Dalam logika, prinsip ini mengandung arti:
apabila orang telah mengakui sesuatu (benar),
maka jangan kemudian menyimpulkan sesuatu yang berlawanan atau bertentangan
dengan apa yang sudah diakui (benar)
tadi.
3. Prinsip Menolak Kemungkinan Ketiga (principium exclusitertii)
Menurut prinsip ini, bila terdapat dua
pernyataan atau keputusan yang saling bertentangan, tidaklah mungkin
kedua-duanya dianggap sama-sama benar dan/atau sama-sama salah pada saat yang
bersamaan; pastilah salah satu diantaranya salah, tidak mungkin terdapat
kemungkinan ketiga. (Rumusan dalam bahasa latin : Ens aut est aut non est).
4. Prinsip Mencukupkan (principium rationis sufficientis)
Menurut prinsip ini, tiap-tiap keputusan baru
merupakan akibat dari keputusan yang
lalu (sebab). Kebenaran dari akibat tergantung pada kebenaran sebab. Artinya, jikalau keputusan yang
menjadi sebab itu salah, maka
keputusan yang menjadi akibat sudah
barang tentu juga salah. (Rumusan dalam bahasa latin : Quid quid est, habet rationem sui sufficientem).
D.
Klasifikasi Pemikiran
Para
logisi (pakar logika) lazimnya membagi pemikiran menjadi dua macam yaitu : (i)
Pemikiran Langsung dan (ii) Pemikiran Tidak Langsung.
1. Pemikiran Langsung (immediate inference)
Menurut
Hasbullah Bakry (1981) suatu pemikiran
dikatakan sebagai pemikiran langsung apabila keputusan, kesimpulan atau
kebenaran baru, yang diperoleh dari proses pemikiran itu hanya didasarkan atas
satu keputusan atau kebenaran yang sebelumnya telah ada. Misalnya, aku tahu
bahwa Nana pada tanggal 25 Desember 2008 tengah berada di Jakarta. Atas dasar
itu, akupun segera berkesimpulan bahwa pada saat yang bersamaan (25 Desember
2008) Nana pastilah tidak ada di Jember.
Suatu
cara pemikiran langsung yang paling penting dan terkenal ialah cara “pembalikan”

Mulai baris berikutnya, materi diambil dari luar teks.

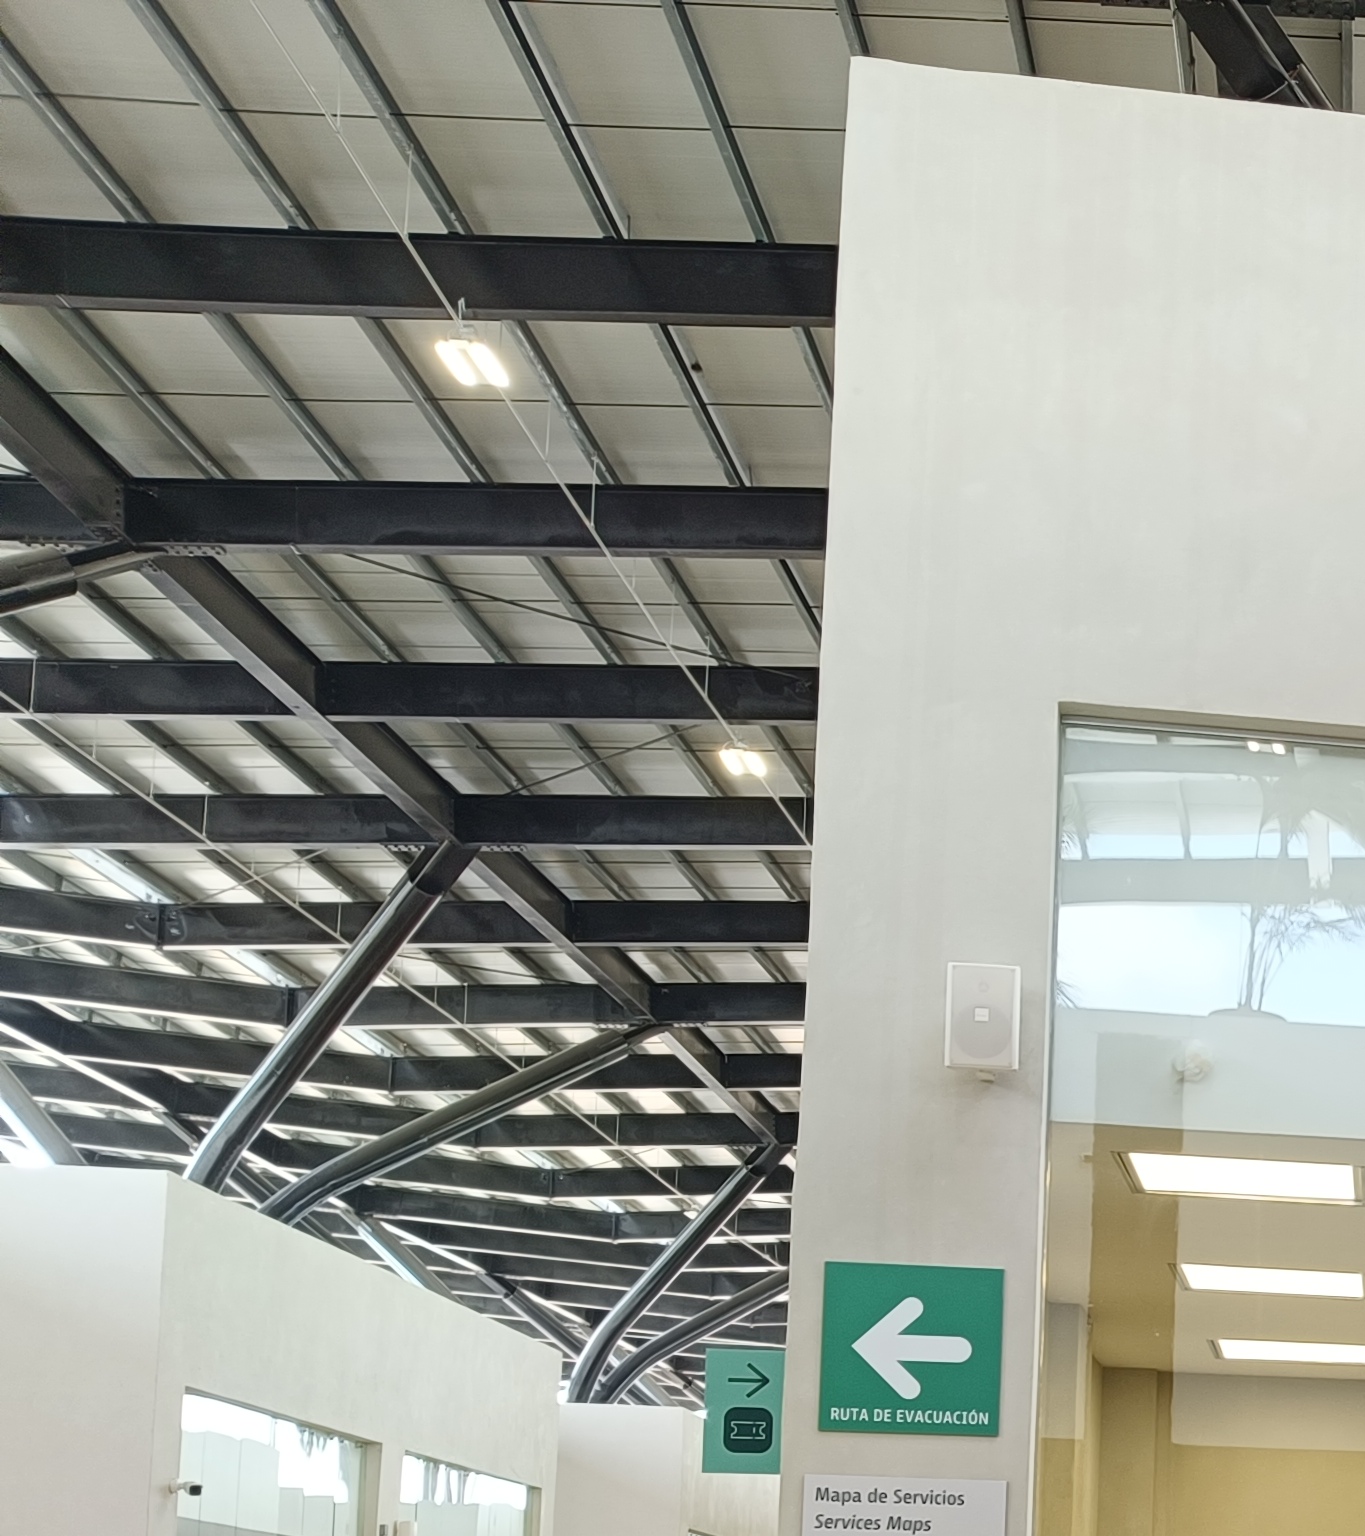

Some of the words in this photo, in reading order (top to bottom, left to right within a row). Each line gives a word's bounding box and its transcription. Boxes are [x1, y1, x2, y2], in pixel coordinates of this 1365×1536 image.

[830, 1407, 869, 1421] RUTA
[873, 1409, 892, 1422] DE
[896, 1409, 989, 1425] EVACUACIÓN
[815, 1487, 862, 1506] Mapa
[867, 1488, 888, 1503] de
[893, 1489, 965, 1506] Servicios
[814, 1514, 881, 1531] Services
[886, 1516, 932, 1535] Maps

(obversion), yaitu membalik keputusan
atau kebenaran yang sebelumnya telah ada. Berikut ini dikemukakan beberapa
contoh pemikiran langsung dengan cara pembalikan.
a.
- Semua manusia akan mati.
- Maka, tidak
ada manusia yang tidak akan mati.
b.
- Sebagian mahasiswa FPIPS IKIP PGRI Jember rajin.
- Tentunya,
sebagian lain mahasiswa FPIPS IKIP PGRI Jember malas.

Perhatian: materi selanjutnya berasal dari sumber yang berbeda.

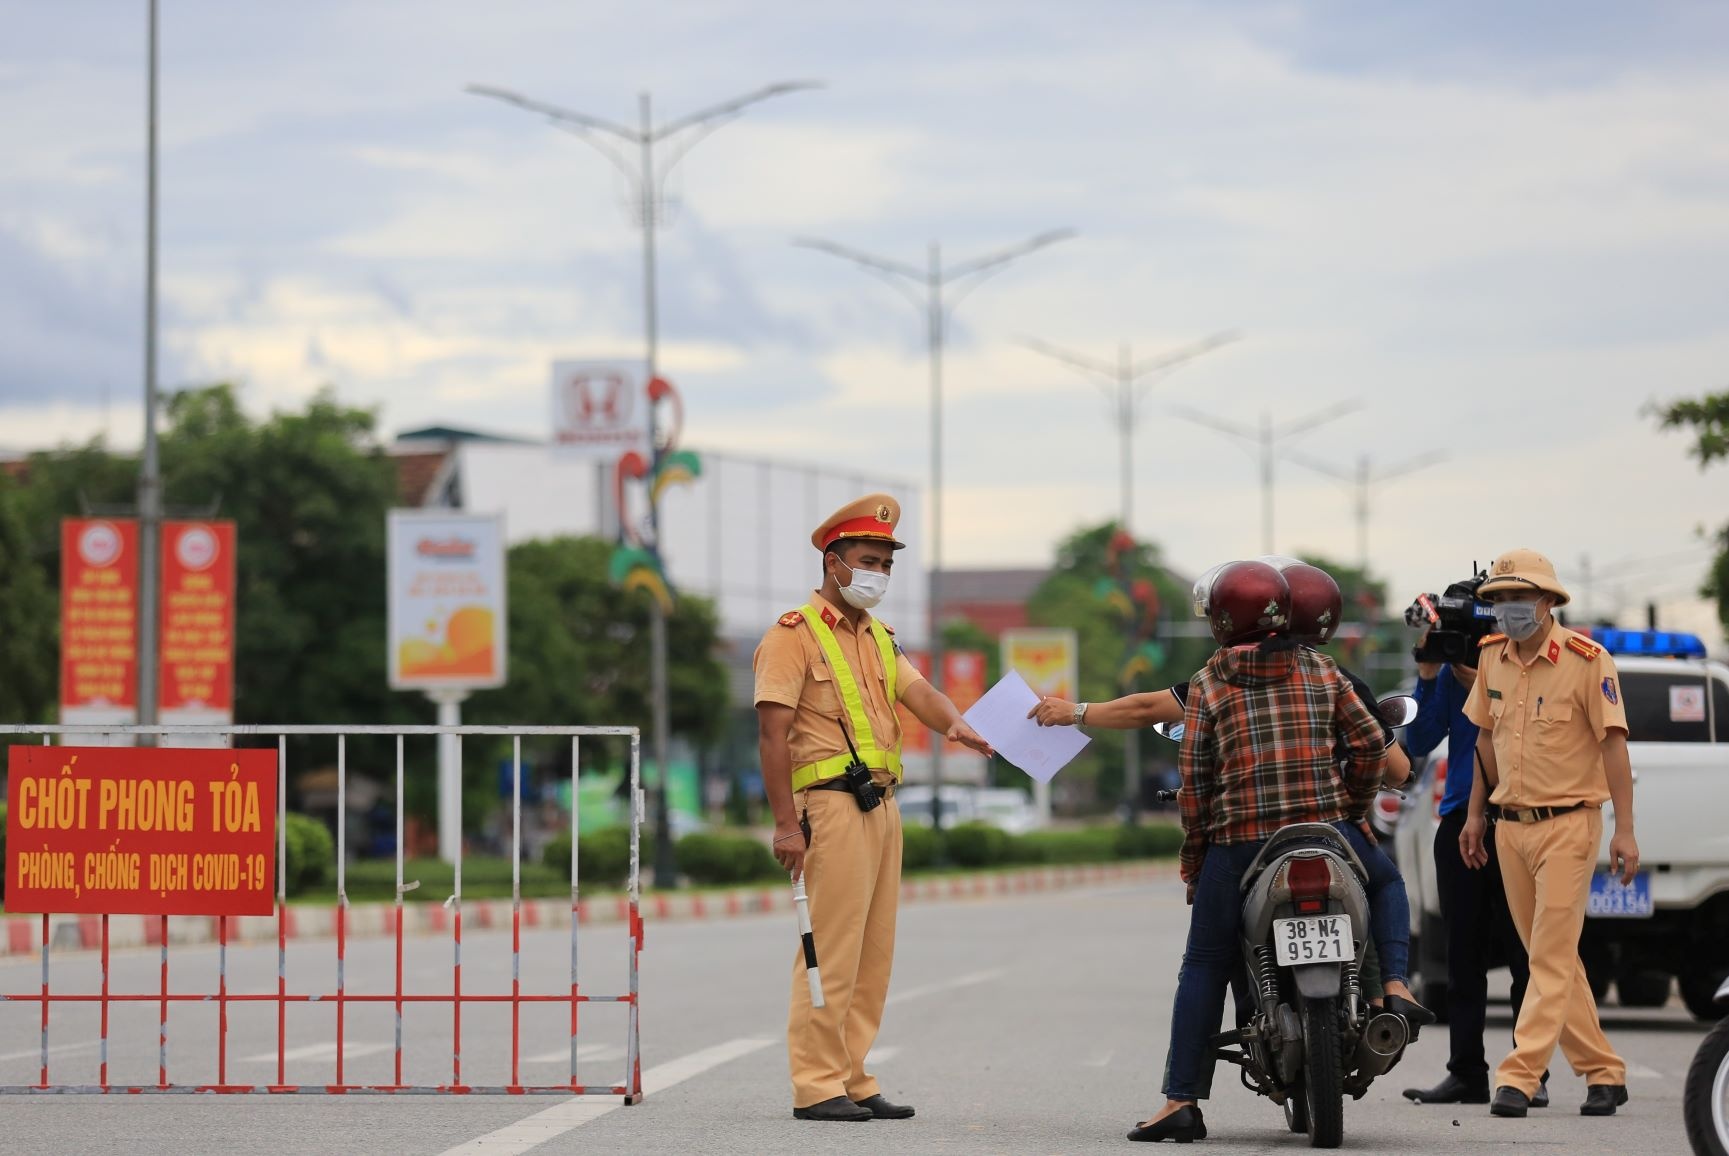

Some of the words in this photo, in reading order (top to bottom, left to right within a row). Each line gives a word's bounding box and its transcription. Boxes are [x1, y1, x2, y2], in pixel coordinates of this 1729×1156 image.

[19, 756, 91, 829] CHỐT
[99, 779, 195, 832] PHONG
[209, 763, 261, 832] TỎA
[18, 844, 80, 898] PHÒNG,
[84, 838, 140, 890] CHỐNG
[150, 854, 188, 898] DỊCH
[193, 854, 265, 891] COVID-19
[1286, 919, 1340, 940] 38-N4
[1288, 939, 1341, 961] 9521

2. Pemikiran Tidak Langsung
Pemikiran
tidak langsung ialah pemikiran dimana keputusan baru, kebenaran baru atau kesimpulan baru yang diperoleh dari
proses pemikiran didasarkan atas :
a. Keputusan-keputusan
atau kebenaran-kebenaran yang bersifat umum (universal) yang sebelumnya telah
ada;
b. Kasus-kasus
khusus atau unik, individual, dan konkrit;
c. Fakta-fakta
individual.
Sejalan
dengan variasi dasar perolehan keputusan, kebenaran, atau kesimpulan, dalam
pemikiran tidak langsung sebagaimana tersebut di atas, maka para logisi
lazimnya membagi pemikiran tidak langsung menjadi tiga macam yaitu: (i) Induksi, (ii) Argumen kumulatif, dan (iii) Deduksi.
a. Induksi
Induksi ialah suatu pemikiran yang kesimpulan atau kebenaran baru yang diperolehnya
didasarkan atas kejadian-kejadian khusus atau fakta-fakta yang unik. Dalam kalimat
lain dapat juga dirumuskan: induksi adalah suatu
pemikiran yang proses gerak akal-pikiran berjalan dari/atas dasar
pengetahuan-pengetahuan, keputusan-keputusan, atau kebenaran-kebenaran, yang
khusus menuju pengetahuan, keputusan, atau kebenaran, yang umum.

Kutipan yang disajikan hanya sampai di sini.